BEGIN

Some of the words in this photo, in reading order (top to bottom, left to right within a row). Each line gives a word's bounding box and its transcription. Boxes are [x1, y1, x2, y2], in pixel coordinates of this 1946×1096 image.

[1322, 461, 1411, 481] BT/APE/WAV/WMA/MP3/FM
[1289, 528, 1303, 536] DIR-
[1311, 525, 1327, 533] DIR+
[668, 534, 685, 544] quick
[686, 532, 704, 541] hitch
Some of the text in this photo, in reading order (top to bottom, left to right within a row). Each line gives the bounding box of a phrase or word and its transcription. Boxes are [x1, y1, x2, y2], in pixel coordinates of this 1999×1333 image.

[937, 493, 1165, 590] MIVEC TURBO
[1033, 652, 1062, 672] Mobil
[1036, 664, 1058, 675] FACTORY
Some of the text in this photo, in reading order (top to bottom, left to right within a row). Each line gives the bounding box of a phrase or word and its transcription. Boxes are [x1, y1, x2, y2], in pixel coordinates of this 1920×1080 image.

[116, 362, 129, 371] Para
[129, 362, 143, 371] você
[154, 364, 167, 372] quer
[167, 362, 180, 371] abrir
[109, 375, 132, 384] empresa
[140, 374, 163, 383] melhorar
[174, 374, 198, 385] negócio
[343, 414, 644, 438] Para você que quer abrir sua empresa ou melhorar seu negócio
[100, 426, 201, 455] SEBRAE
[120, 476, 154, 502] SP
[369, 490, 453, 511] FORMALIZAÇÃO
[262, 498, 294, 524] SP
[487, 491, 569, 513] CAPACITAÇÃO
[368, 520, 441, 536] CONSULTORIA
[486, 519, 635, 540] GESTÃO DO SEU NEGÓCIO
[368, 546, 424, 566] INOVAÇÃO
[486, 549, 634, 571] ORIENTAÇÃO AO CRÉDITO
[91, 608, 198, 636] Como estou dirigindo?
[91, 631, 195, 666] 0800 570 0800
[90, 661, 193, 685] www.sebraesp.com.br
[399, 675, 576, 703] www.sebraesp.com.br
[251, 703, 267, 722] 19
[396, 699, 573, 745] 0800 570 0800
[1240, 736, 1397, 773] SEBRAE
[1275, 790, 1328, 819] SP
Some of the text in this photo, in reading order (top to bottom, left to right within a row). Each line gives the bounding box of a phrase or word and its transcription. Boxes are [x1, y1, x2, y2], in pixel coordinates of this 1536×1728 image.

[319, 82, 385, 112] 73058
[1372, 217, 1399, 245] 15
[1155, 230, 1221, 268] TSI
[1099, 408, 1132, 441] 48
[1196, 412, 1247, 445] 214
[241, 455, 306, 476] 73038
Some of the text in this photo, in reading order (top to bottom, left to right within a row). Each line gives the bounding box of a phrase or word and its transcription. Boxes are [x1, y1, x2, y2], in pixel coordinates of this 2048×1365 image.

END

*Activity*: Return exactly the line that contains "this 1536×1728 image." and every line after it, through the last line of the records.

*Solution for this problem*:
Some of the text in this photo, in reading order (top to bottom, left to right within a row). Each line gives the bounding box of a phrase or word and its transcription. Boxes are [x1, y1, x2, y2], in pixel coordinates of this 1536×1728 image.

[319, 82, 385, 112] 73058
[1372, 217, 1399, 245] 15
[1155, 230, 1221, 268] TSI
[1099, 408, 1132, 441] 48
[1196, 412, 1247, 445] 214
[241, 455, 306, 476] 73038
Some of the text in this photo, in reading order (top to bottom, left to right within a row). Each line gives the bounding box of a phrase or word and its transcription. Boxes are [x1, y1, x2, y2], in pixel coordinates of this 2048×1365 image.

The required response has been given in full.